Todavía con su semen hidratándome el cutis aunque ya seco, me besó en la boca con dulzura, y fue a coger un preservativo. No sabía cómo pensaba que podía hacerlo, porque acababa de correrse y me parecía algo así como una quimera para un tipo ya con sus añitos. Pero me dio el preservativo para que se lo pusiera y cuando fui a colocarlo, se me despejaron todas las dudas. Me folló con las cortinas descorridas, lento y dulce, dejando que le marcara el ritmo con el movimiento de mis caderas sobre sus muslos y relevándome cuando me agotaba hasta que nos corrimos casi al mismo tiempo, con su boca en la mía ahogando mis gemidos. Fue precioso.
Luego me llevó al baño y nos metimos en la ducha. Le enjaboné el pecho, el vientre, su sexo, sus huevos… suave y despacito. Cogí su mano, la llene de jabón y la puse sobre mis tetas. Él me lavó la cara, el cuello, las tetas, el sexo. Me volvió a meter despacito y suave dos dedos en la boca, luego en el coño y cuando menos me lo esperaba me metió el pulgar por el culo. Yo giré la cara como un resorte, buscando sus ojos, sorprendida, queriendo una explicación. Lo volvió a meter a fondo y me dijo:
– Éste me lo reservo para la próxima, puta.
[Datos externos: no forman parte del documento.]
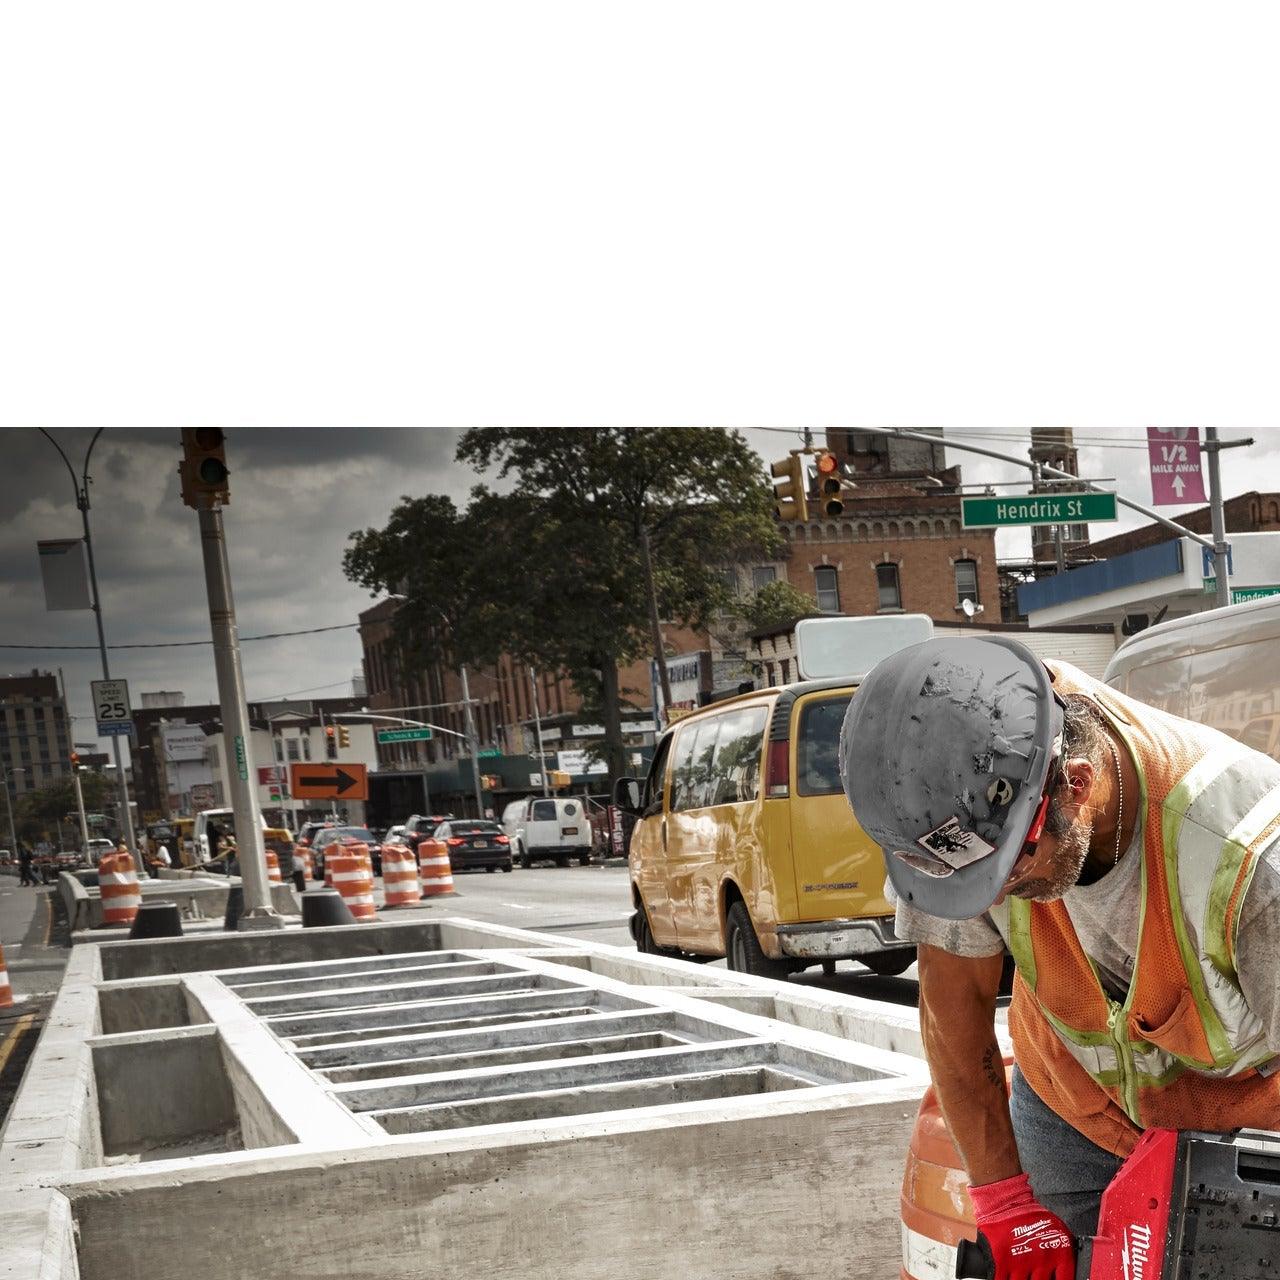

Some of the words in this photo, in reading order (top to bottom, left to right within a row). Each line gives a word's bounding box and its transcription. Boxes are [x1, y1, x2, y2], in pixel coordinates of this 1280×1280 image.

[1161, 445, 1188, 463] 1/2
[1152, 464, 1174, 473] MILE
[1175, 464, 1200, 473] AWAY
[997, 501, 1061, 520] Hendrix
[1067, 500, 1083, 517] St
[99, 703, 127, 719] 25
[1011, 1219, 1052, 1237] Milwaukee
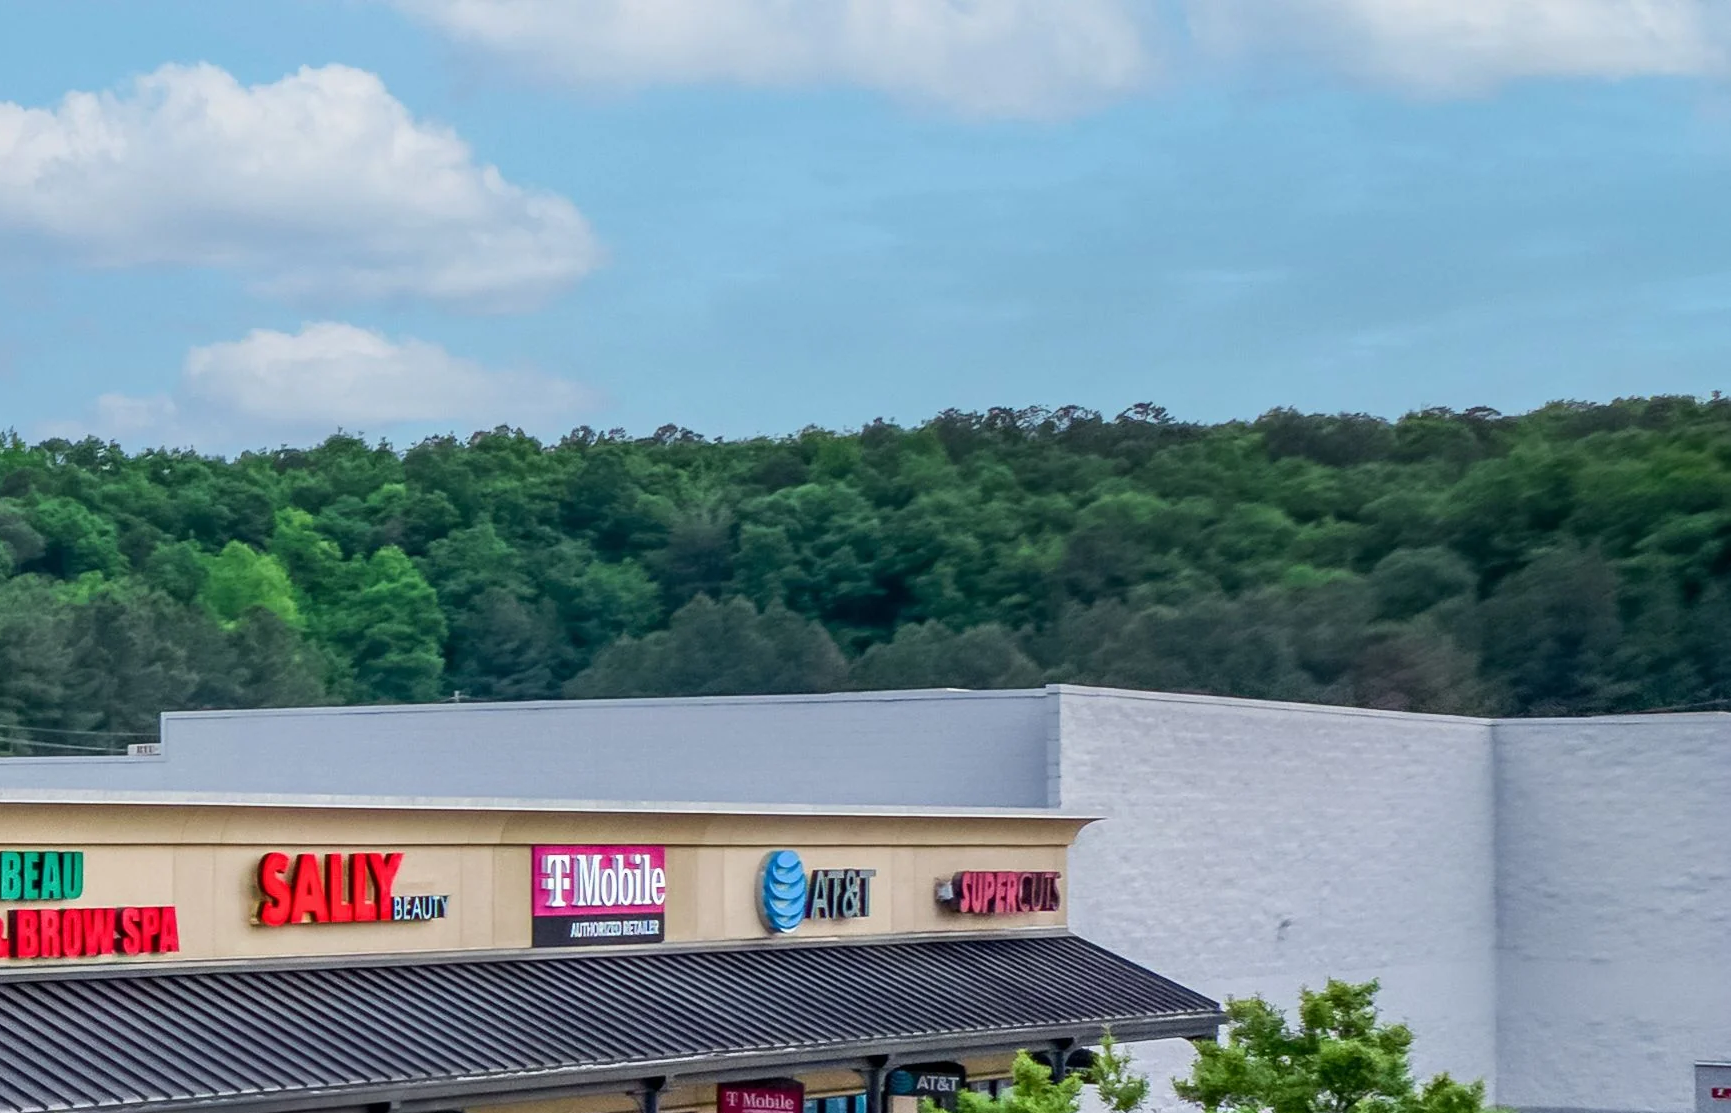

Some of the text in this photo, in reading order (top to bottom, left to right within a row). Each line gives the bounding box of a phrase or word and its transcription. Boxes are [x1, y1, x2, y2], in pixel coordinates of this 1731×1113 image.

[259, 852, 405, 927] SALLY
[573, 853, 666, 907] Mobile
[806, 869, 876, 919] AT&T
[960, 871, 1062, 913] SUPERCUTS
[394, 895, 449, 921] BEAUTY
[11, 908, 117, 958] BROW
[121, 906, 180, 955] SPA
[742, 1092, 795, 1110] Mobile
[917, 1074, 960, 1092] AT&T
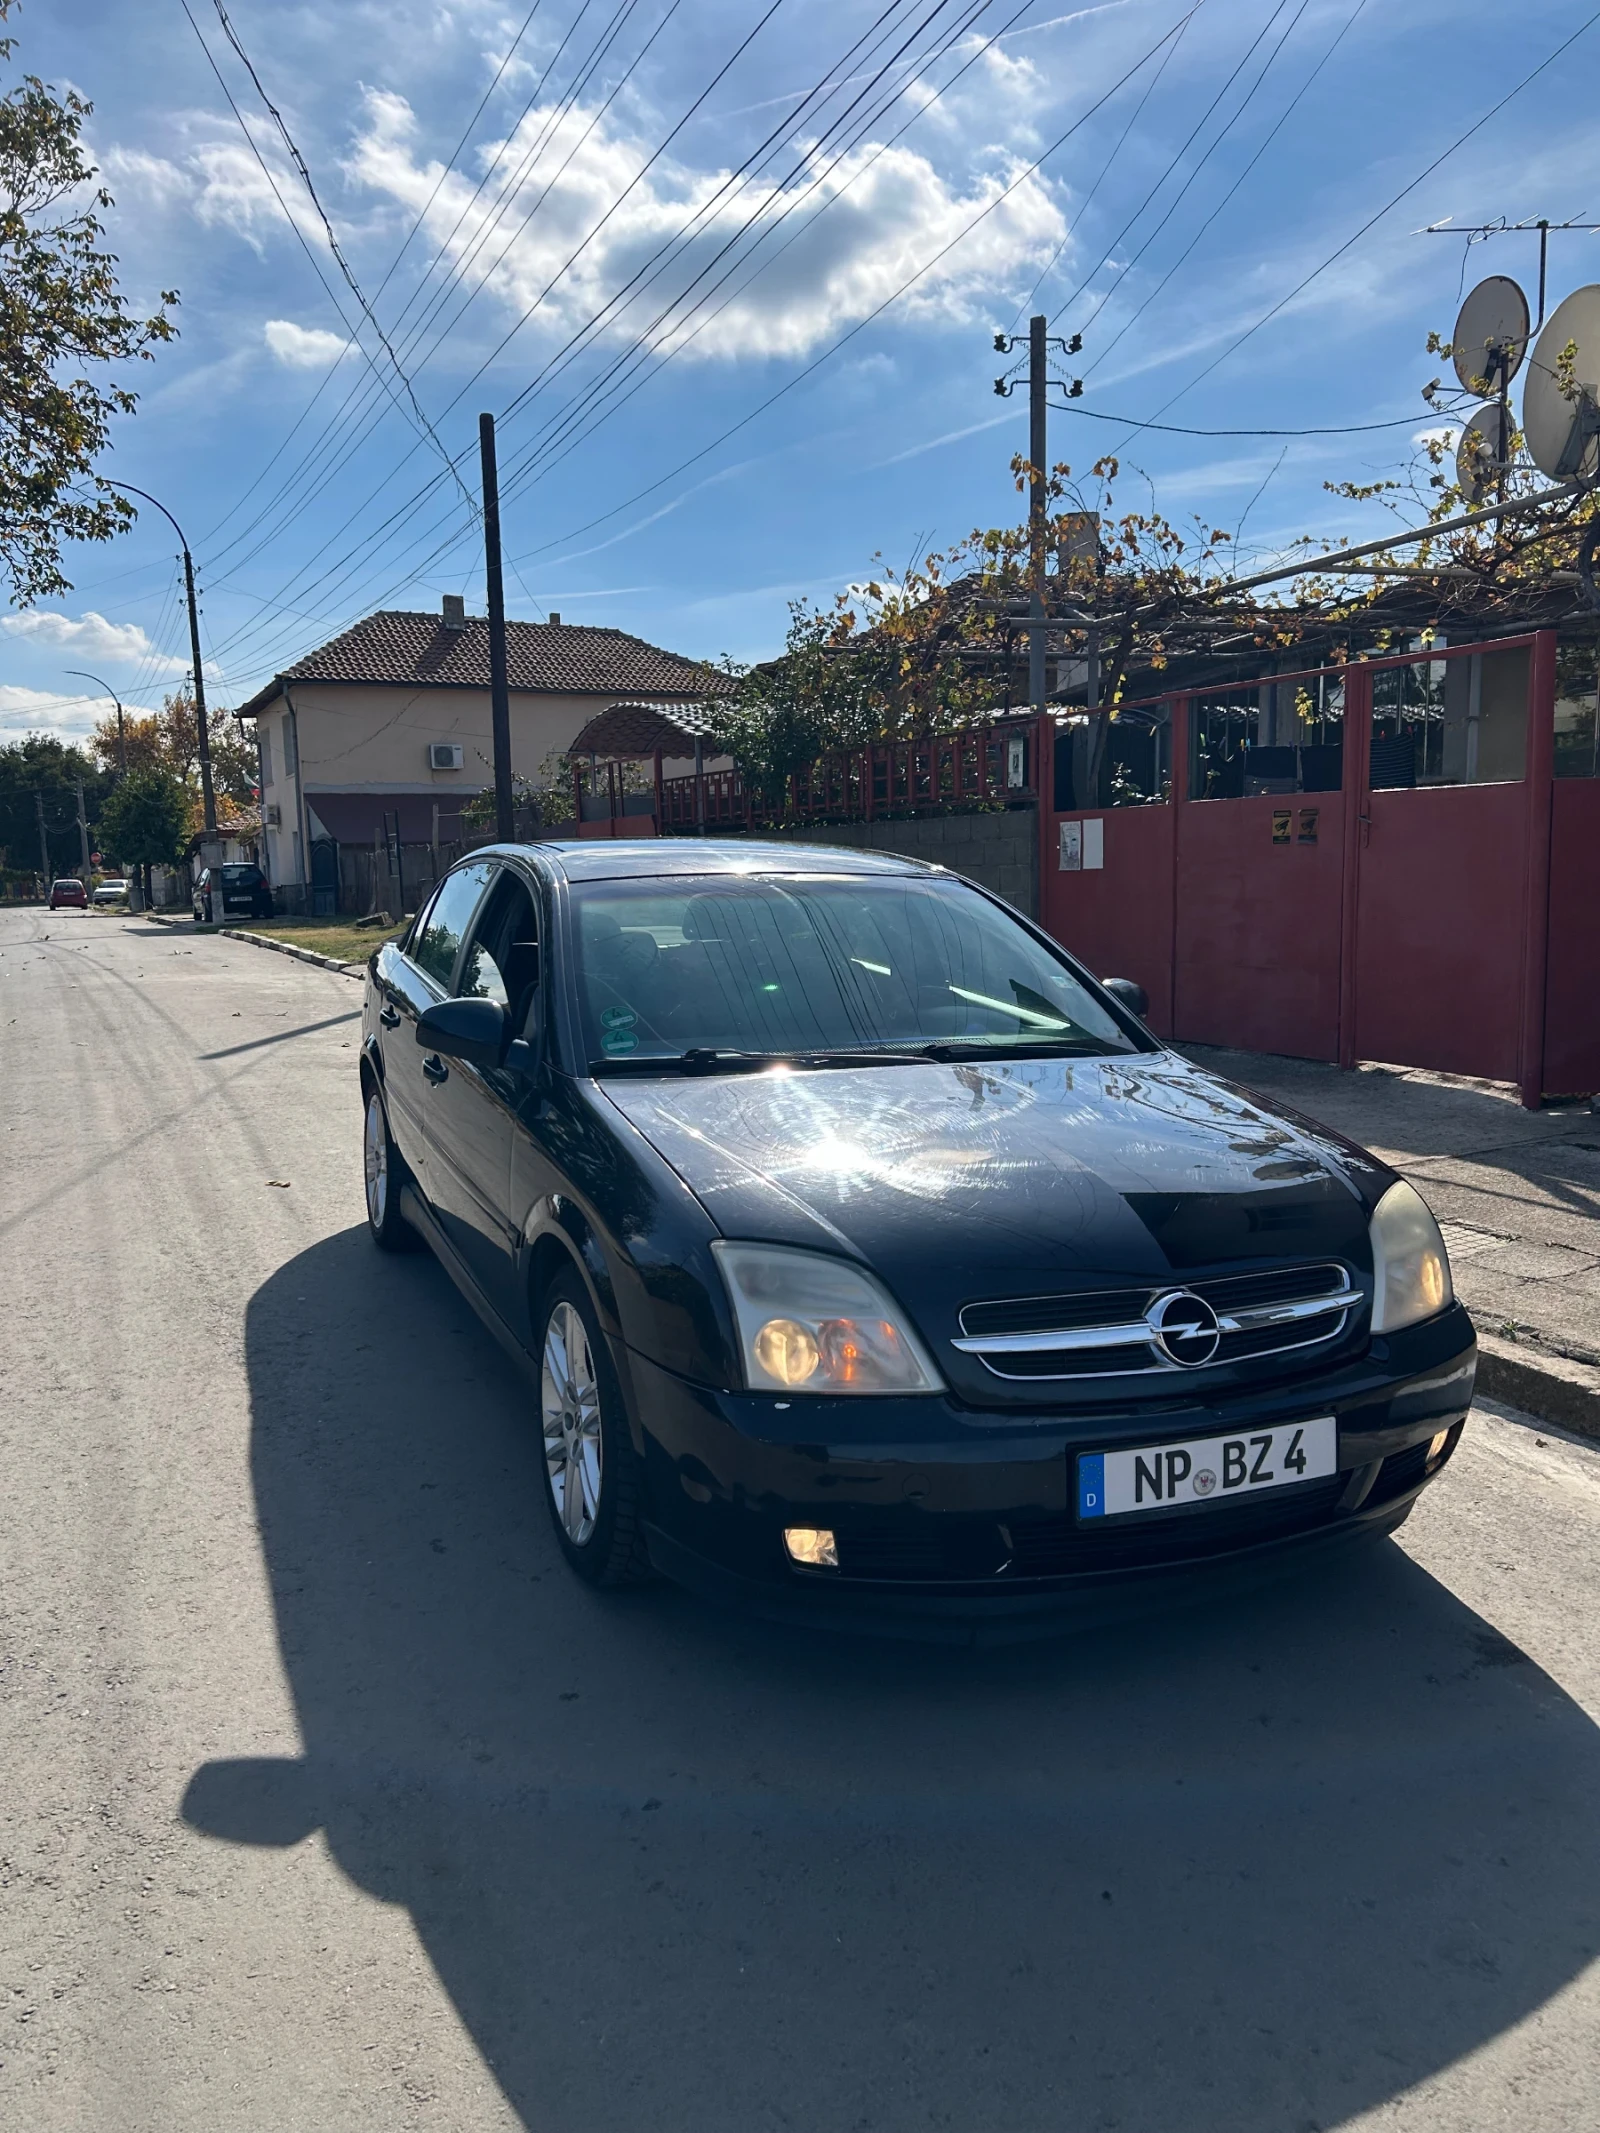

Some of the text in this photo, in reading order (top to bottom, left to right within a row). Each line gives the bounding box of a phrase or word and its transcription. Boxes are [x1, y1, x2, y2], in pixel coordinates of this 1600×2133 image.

[1135, 1449, 1191, 1503] NP
[1222, 1434, 1274, 1489] BZ
[1284, 1429, 1307, 1475] 4
[1086, 1493, 1097, 1507] D
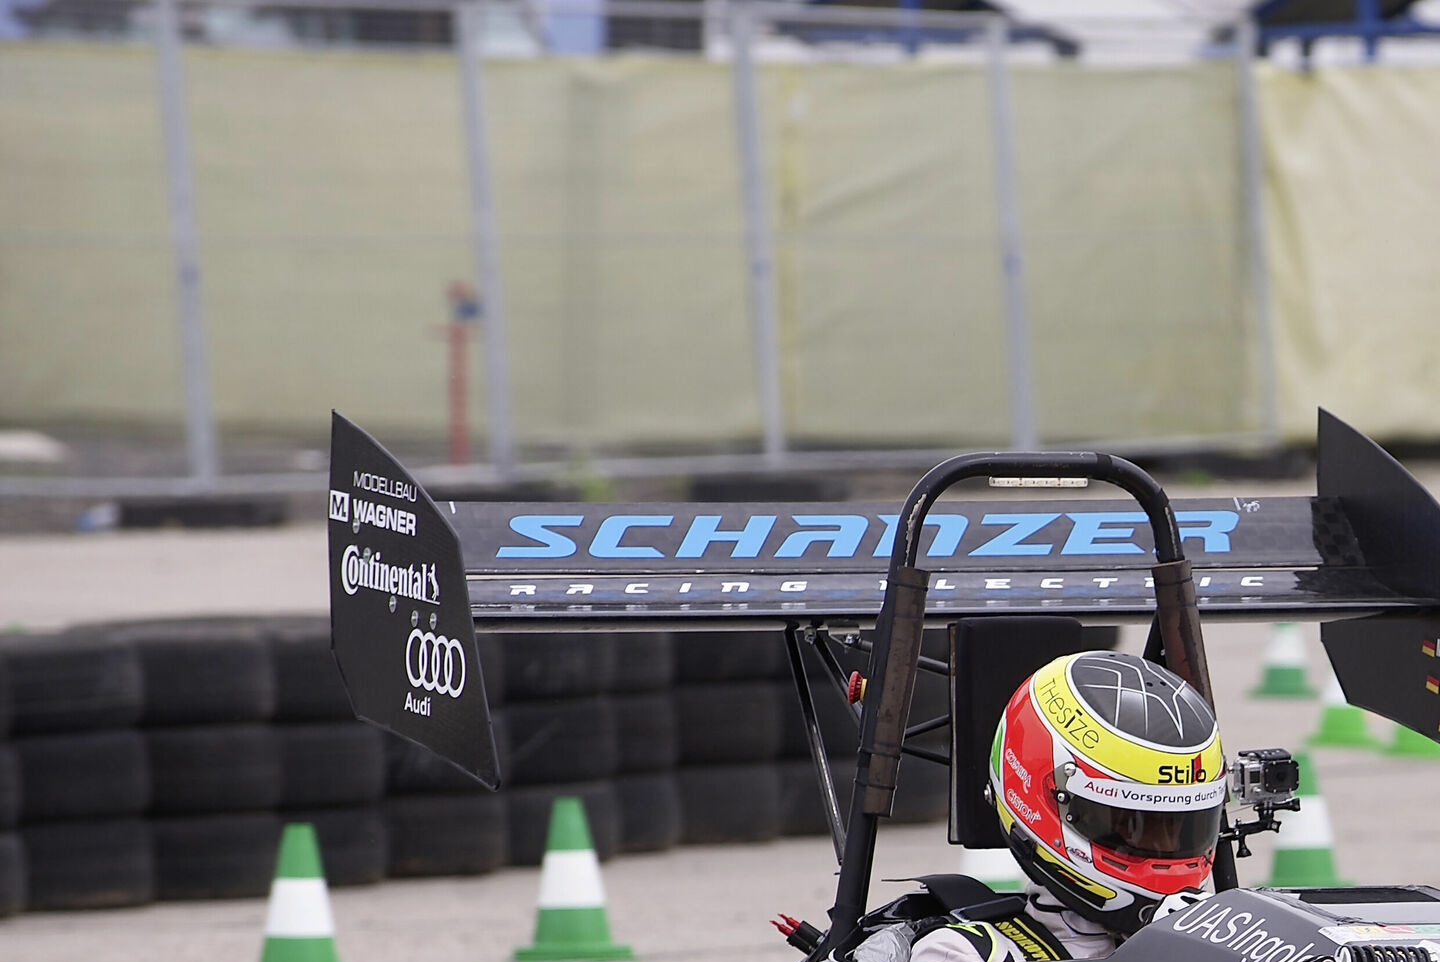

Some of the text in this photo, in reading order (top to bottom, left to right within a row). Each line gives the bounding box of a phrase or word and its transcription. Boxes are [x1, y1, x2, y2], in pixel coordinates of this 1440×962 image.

Volví a temblar de deseo, pero ya estaba bien. Lo había pasado como nunca antes (y pocas veces después).
Tomamos un taxi para ir al punto de partida y en el trayecto me dijo:
– Me resultaría demasiado fácil enamorarme de ti.
– No hace falta que lo hagas. No lo hagas –le dije.
– Hay cosas que no se pueden controlar.
Cuando nos despedimos me besó la boca con la boca abierta a más no poder, con fuerza hasta doler, como si quisiera volcar en mí todo su ser y comprendí entonces que jamás iba a volver a ver a aquel hombre, a aquel Águila poderoso e imponente que había llenado de fuego mi mente y mi cuerpo para toda mi vida.